After several years of turbulence, the global fintech sector is entering a new growth phase. In Europe, however, fintech penetration remains a miniscule 2.6% even as consumers trust digital platforms more than legacy banks. Aneli Capital partner and fund manager Daiva Rakauskaitė expects the next phase of European fintech growth to depend on startups who build regulatory capability early and use AI to compete with better-funded incumbents.
In 2025, global fintech companies generated approximately $650 billion in revenues, growing 21% over 2024, according to a recent McKinsey report. Investment data by CB Insights shows that in Q1 of this year, fintech deal value was $12,1 billion, up 3.7% yoy, with the US capturing 47% and Europe around 21%.
A McKinsey survey across European countries shows that consumers trust fintech companies and digital banks more than traditional banks for the first time, and see fintechs as more innovative, more transparent on fees and better value overall.
However, fintech financial services still represent only a fraction of the broader financial market. In Europe, the fintech sector has remained smaller, 2.6% market penetration, compared to 3% of Asia and 8% in Latin America.
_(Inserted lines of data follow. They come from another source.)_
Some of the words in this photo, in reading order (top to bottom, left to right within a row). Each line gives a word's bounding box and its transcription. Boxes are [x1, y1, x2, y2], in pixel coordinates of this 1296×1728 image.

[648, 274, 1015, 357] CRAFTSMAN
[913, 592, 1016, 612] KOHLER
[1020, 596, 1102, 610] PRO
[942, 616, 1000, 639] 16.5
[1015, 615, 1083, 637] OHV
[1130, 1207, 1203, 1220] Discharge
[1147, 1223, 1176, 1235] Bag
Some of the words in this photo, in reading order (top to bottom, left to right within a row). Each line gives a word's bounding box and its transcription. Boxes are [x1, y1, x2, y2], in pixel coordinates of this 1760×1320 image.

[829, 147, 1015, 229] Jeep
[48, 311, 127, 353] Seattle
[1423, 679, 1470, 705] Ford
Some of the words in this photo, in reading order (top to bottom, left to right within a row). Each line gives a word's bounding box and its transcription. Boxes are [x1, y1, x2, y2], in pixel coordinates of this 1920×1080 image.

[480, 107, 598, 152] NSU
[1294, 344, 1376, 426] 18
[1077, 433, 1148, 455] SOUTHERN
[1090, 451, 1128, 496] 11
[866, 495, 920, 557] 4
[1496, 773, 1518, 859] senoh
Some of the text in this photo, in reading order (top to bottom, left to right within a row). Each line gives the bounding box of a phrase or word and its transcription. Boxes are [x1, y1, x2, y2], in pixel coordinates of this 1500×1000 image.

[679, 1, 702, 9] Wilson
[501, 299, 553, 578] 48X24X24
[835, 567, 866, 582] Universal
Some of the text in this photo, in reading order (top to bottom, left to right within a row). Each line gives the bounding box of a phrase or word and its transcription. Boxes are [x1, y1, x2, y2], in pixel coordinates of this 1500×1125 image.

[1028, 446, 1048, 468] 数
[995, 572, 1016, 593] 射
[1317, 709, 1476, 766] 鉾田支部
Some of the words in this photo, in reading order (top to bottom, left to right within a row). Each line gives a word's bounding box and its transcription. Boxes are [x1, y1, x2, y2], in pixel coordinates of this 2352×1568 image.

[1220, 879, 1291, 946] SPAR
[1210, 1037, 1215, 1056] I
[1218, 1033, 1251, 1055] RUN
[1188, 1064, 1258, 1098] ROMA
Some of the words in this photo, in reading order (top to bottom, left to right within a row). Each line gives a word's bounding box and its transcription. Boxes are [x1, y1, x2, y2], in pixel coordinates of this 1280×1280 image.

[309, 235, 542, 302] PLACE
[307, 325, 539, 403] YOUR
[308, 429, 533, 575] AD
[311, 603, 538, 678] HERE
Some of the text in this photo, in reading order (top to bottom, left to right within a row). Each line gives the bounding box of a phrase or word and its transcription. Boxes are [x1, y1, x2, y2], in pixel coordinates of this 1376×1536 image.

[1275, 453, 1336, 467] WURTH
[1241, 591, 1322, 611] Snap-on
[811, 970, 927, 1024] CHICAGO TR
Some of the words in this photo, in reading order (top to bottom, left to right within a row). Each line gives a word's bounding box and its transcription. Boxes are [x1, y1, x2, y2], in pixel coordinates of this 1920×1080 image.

Rakauskaitė notes that European fintechs often lag behind due to fragmented national markets, stronger incumbent banks, lower access to capital, and regulation. “In Europe, regulation often sets the pace of fintech expansion. For early-stage companies, compliance and licensing requirements can increase the cost and complexity of market entry, favoring larger, better-capitalized players. So, fintechs that invest in regulatory capabilities early can turn compliance into a competitive advantage, strengthening customer trust and increasing their attractiveness to investors,” she says.
For fintech startups, she sees some of the most underexplored opportunities in Central and Eastern Europe. The region offers a practical testing ground: markets including Poland and Romania are large enough to validate demand, but focused enough for fintech companies to adapt to regulation early and build for cross-border expansion from the start.
Meanwhile, countries such as Lithuania have already built experience in attracting and supervising global fintech players, including Revolut, while also developing strong technical talent and regulatory expertise.
Q1 investment data by Pitchbook already shows that investors are backing AI-native startups at the earliest stages, where smaller teams are hitting growth benchmarks faster than ever before.